L’armistice viendrait elle de ce que Ould Abdel Aziz,   pour ne pas dire «une lettre » a appelé des questions posées à Ould Ghazouani ? Dans ce document  très étalé sur la toile,  le « détenu préventivement » mis en accusation, Ould Abdel Aziz, loin de lui l’idée de se « barricader » derrière l’article 93 (son cheval de bataille avant la mise en place des caméras de surveillance), n’exprime pas  d’apitoiement, et ne veut pas apparaitre comme le misérable résigné devant l’injustice,  la fourberie et l’hypocrisie. Mais, l’ancien président nostalgique de  la lumière du jour, nous renvoie à ce qu’l n’a cessé de répéter.  « Qu’il est riche et même très riche, mais qu’il met en défi quiconque, de prouver qu’il a pris une ouguiya des caisses du trésor ou un dollar des caveaux de la Banque Centrale ». donc innocent par rapport aux détournement de deniers publics.

Ce qui est vrai. Puisque sur tous les lieux des crimes commis par effractions pour s’accaparer de l’argent du pays, nulle  part les enquêteurs n’ont trouvés  les empreintes de  Mohamed Ould Abdel Aziz,  présumé coupable et aujourd’hui en détention préventive sous haute sécurité.

Mais, paradoxalement,  semble-t-il,  ces enquêteurs ont,   trouvé partout sur les lieux de ces crimes les ADN de celui qui n’avait jamais été présent sur les  lieux.

Dans sa lettre, l’ancien président était revenu sur  la question qu’avaient posée « par procuration » trois  dirigeants de l’opposition reçus par Ghazouani, qui s’interrogeaient sur les origines de sa fortune, le nouveau président Ghazouani avait dit que la fortune de Ould Abdel Aziz ne provenait pas du trésor public,

 Mais pour la troisième fois, l’ancien président et   une fois a encore a  dit que l’actuel président est le seul et l’une des rares  personnes à savoir l’origine et la traçabilité de ses biens.

Ultime recours à la clémence ? Menaces à peine « voilées » ou chantage prémédité en échange d’une liberté « demandée » à un président que Ould Abdel Aziz conseille de  ne pas « être le témoin passif d’une injustice et d’un complot grotesque » ?

Que veut insinuer le prévenu quand il affirme que  ses écrits ne représentent que 1% des preuves disponibles irréfutables et factuelles de son innocence ? Qu’il cherche peut être à négocier sa  liberté en échange des  99 % des preuves irréfutables de son innocence qu’il garde comme dernières cartouches ? Ou tout simplement qu’ il demande la clémence de son ancien « ami et frère » pour jouer l’arbitre entre lui  (Aziz) et un juge qui ne veut pas « restituer ce qu’il pense,  sa compréhension de la loi, en disant le droit sans chercher à plaire, à suivre, ou à s’attendre à l’approbation, ou à la réprobation » ?

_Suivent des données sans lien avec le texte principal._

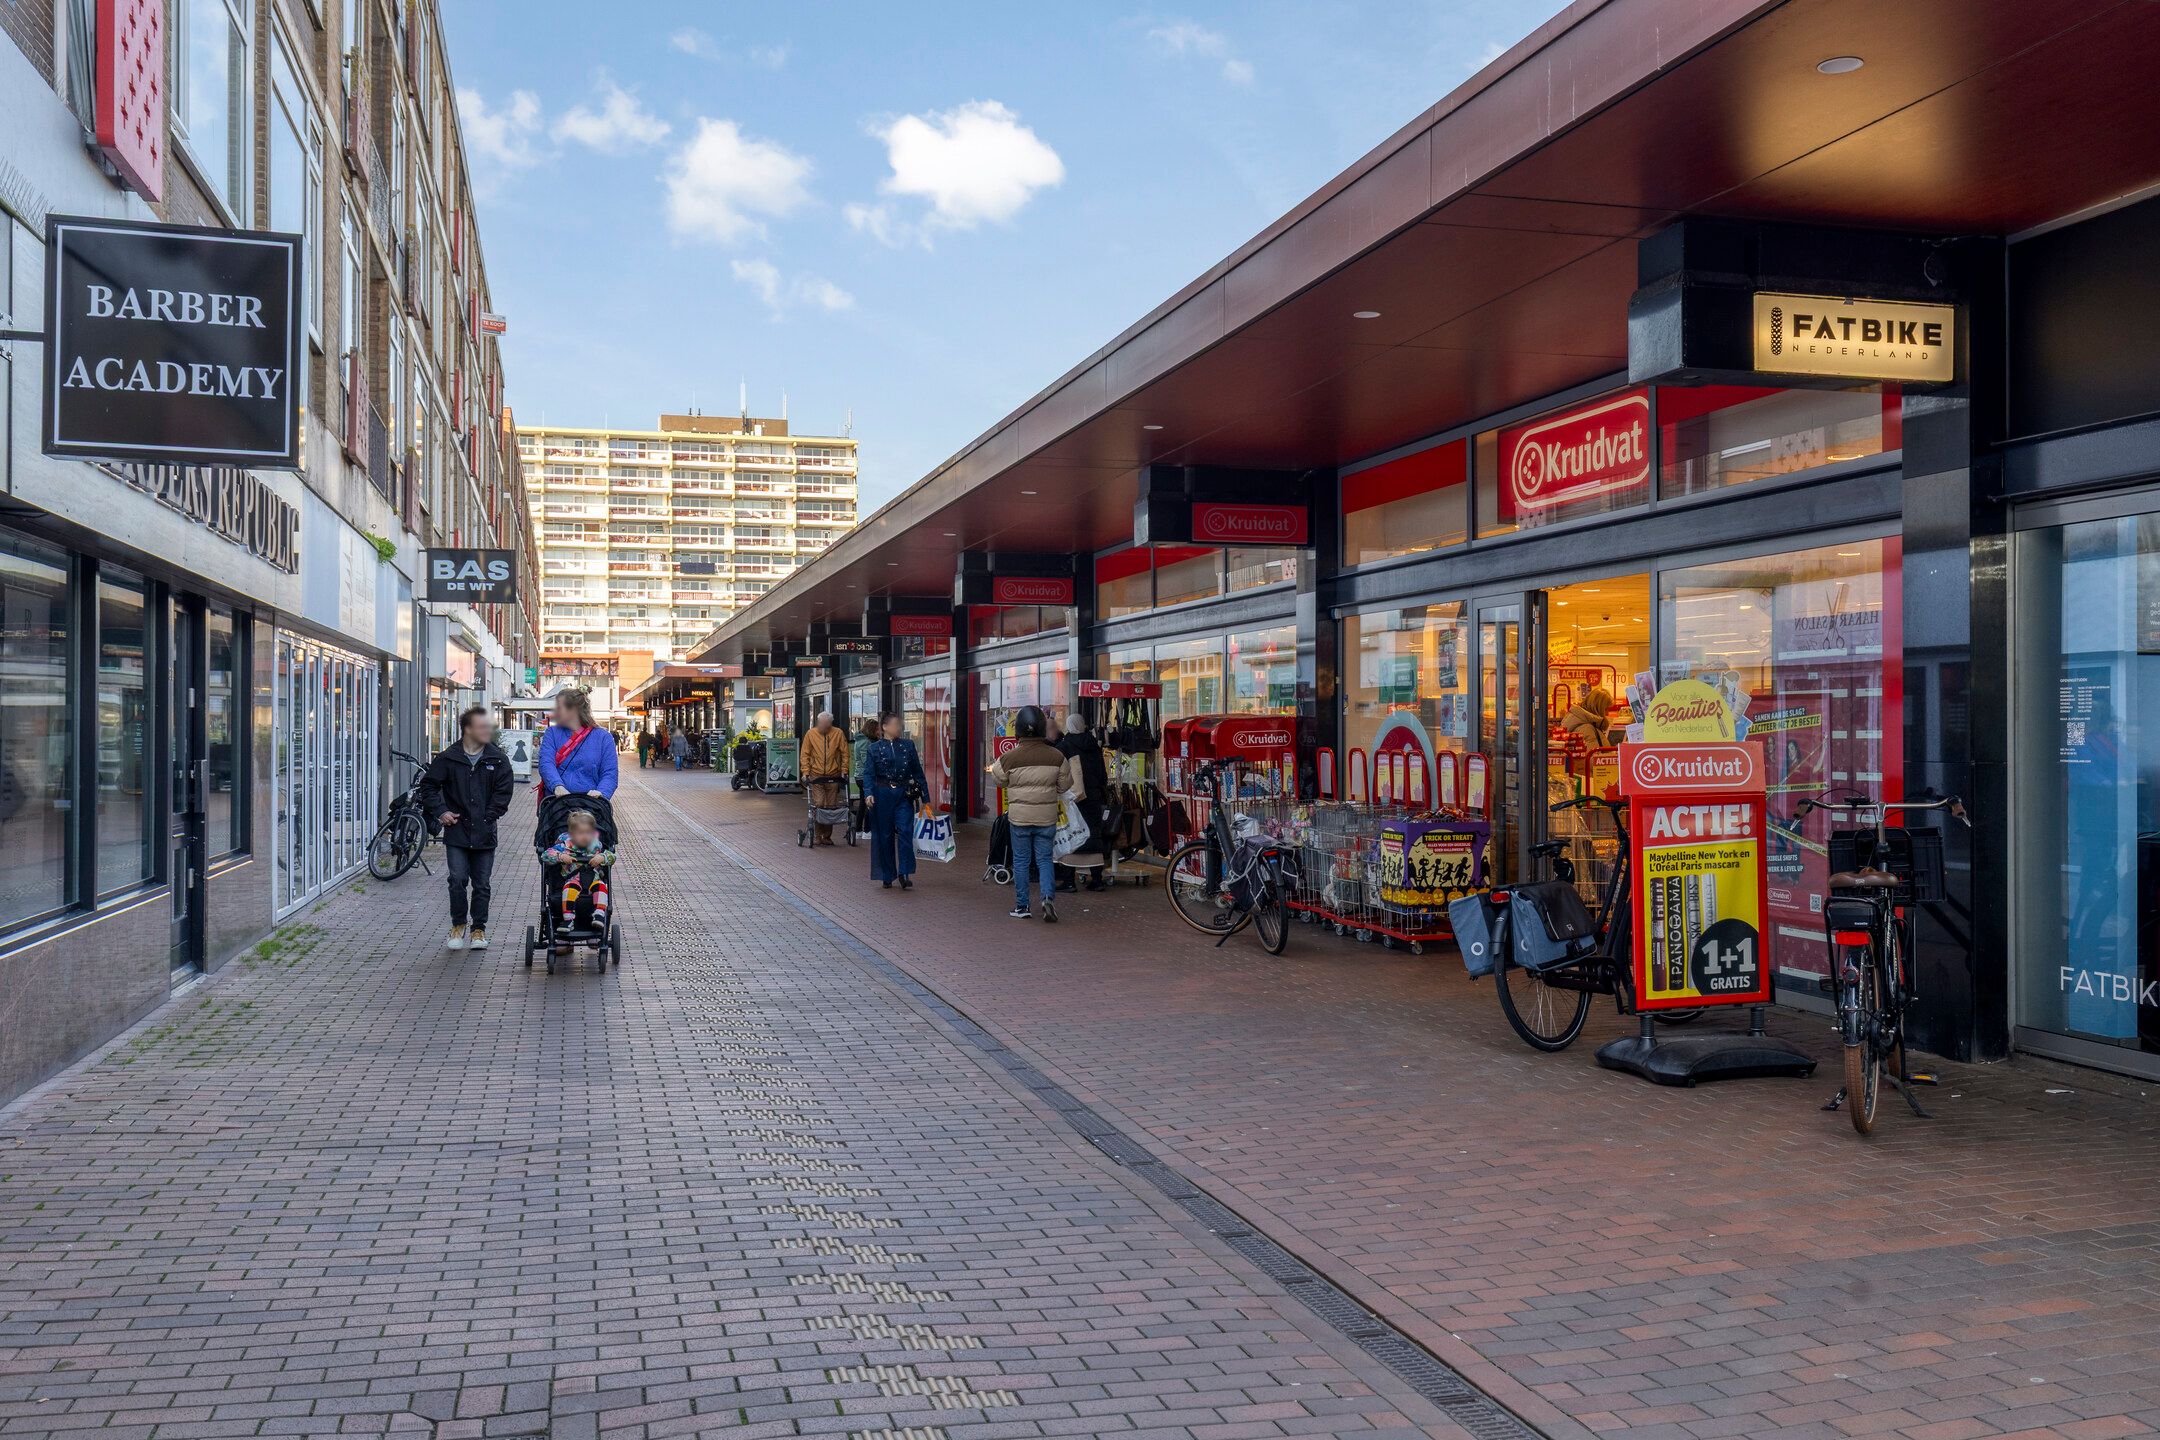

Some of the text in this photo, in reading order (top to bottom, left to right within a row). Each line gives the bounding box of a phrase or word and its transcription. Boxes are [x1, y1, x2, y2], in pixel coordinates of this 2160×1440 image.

            En plus qu’il est devenu détenu de Quartier de Haute Sécurité, Aziz est devenu énigmatique. Tant mieux si cela peut aboutir à sa mise en liberté provisoire refusée quatre fois de suite déjà.         A sa place si la cinquième demande de liberté sera la bonne,  de ma cellule,  j’irais directement demander pardon à la famille du défunt Sidi Ould Cheikh Abdallahi  et ensuite je m’inviterais à un thé  chez Ould Bouamatou pour un repentir.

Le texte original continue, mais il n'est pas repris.